Andanar to bloggers: Follow journalists’ code of ethics
MANILA, Philippines - Social media users, including bloggers, who may want to be accredited by Malacañang are requested to abide by the journalist’s code of ethics, Communications Sec. Martin Andanar said yesterday.
Andanar made the statement after he explained the provisions of Presidential Communications and Operations Office’s (PCOO) Department Order (DO) No. 15 or the Interim Social Media Practitioner Accreditation that opens the gates of Malacañang to social media people, who must be at least 18 years old and a Filipino who maintains a social media platform with 5,000 users.
In a radio interview, Andanar pointed out that the mainstream media – who come from traditional newspapers, television and radio networks, as well as online news sites – are different from social media bloggers.
“Again, they are not there as journalist(s). We regard the journalists as professionals, but we will encourage them to observe journalism ethics,” he said, referring to social media platform users and members of the Malacañang Press Corps.
“Now, well, of course, what is basic is the right information, basic information such as when, where, what, who, how… those are the basics – as I said, (if their report) is terribly wrong, then their applications will be in jeopardy,” Andanar said.
Andanar was thrust into the spotlight anew after some members of the Malacañang Press Corps raised concerns over the possible bias which the PCOO may give to the social media bloggers, many of whom were identified as supporters of President Duterte during the last elections.

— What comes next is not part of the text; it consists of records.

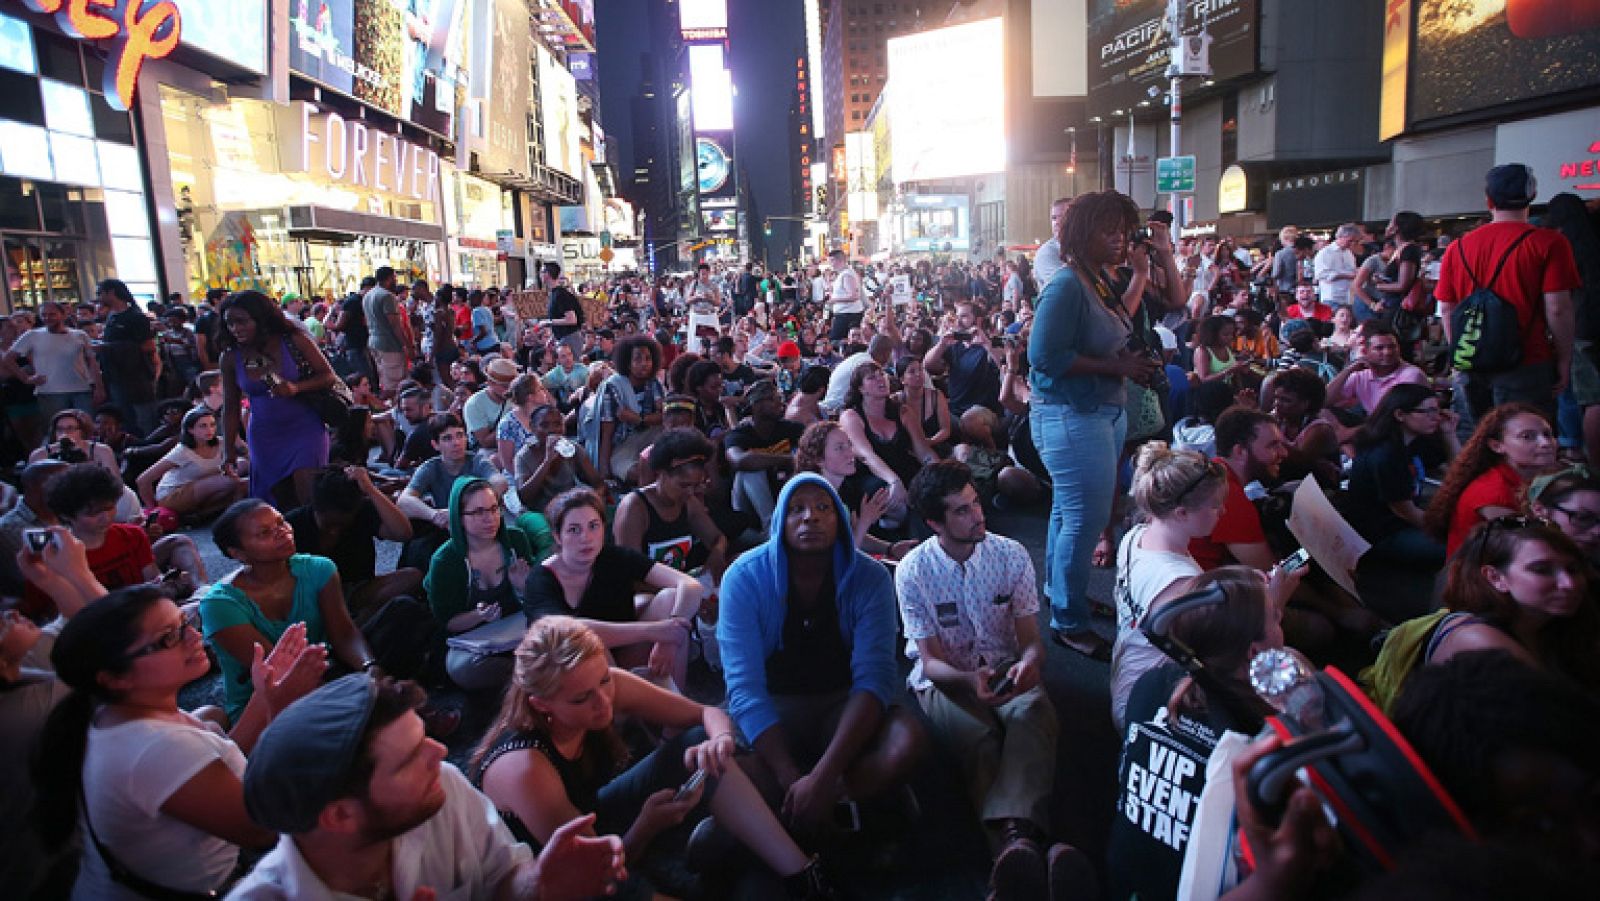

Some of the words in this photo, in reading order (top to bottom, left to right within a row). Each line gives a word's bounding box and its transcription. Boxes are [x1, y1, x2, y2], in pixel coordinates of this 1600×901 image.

[1559, 158, 1600, 180] NE
[1272, 170, 1360, 192] MARQUIS
[562, 242, 601, 260] SW
[1149, 741, 1197, 785] VIP
[1124, 793, 1191, 852] STAF

Andanar signed the DO last Tuesday, following concerns on the coverage of bloggers and Facebook account users of the events at the 50th founding anniversary celebration of the Association of Southeast Asian Nations (ASEAN), and the meeting of foreign ministers on Aug. 2-8.
Andanar said the social media users were tapped not as journalists but as individual bloggers about the events of the President. Both critics and supporters of the President can apply for accreditation.
“Bloggers or the social media practitioners are given accreditation not as journalist(s), not as members of mainstream media and not as Malacañang Press Corps,” he said.
“If they apply, whether pro-Digong, whether yellow or whether you are apolitical, or just a mere political observer, you are all welcome,” he said.
The PCOO, according to Andanar, will review if applicants’ past blogs and write-ups are consistent with the present.
“So we don’t discriminate in terms of political color, political leaning,” he said.
The other day, Communications Assistant Secretary for Policy and Legislative Affairs Kris Ablan said the use of foul language is not considered in Malacanang’s plan to accredit social media users.
“We’ll leave it to SMO headed by Assistant Secretary (Mocha) Uson, to decide on that,” Ablan said, referring to the Social Media Office, in a press briefing where he was grilled over how the agency would implement the policy vis-à-vis the coverage of the mainstream media.
The SMO was created last month under PCOO DO No. 13.
“I have brought up with the office of Asec. Uson in the accreditation process that they will sign some kind of terms and conditions and maybe – although it’s not the policy – it might be in the terms and conditions that they should not use profanity. But that’s still up to her,” Ablan explained.
Ablan also discussed the reasons when the agency may revoke the accreditation given to social media individuals who might abuse their authority.
Ablan cited Section 6, which provides that accreditation “may only be withdrawn, cancelled or suspended for any of the following: abuse of rights and privileges extended by the PCOO and putting his or her accreditation to improper use.”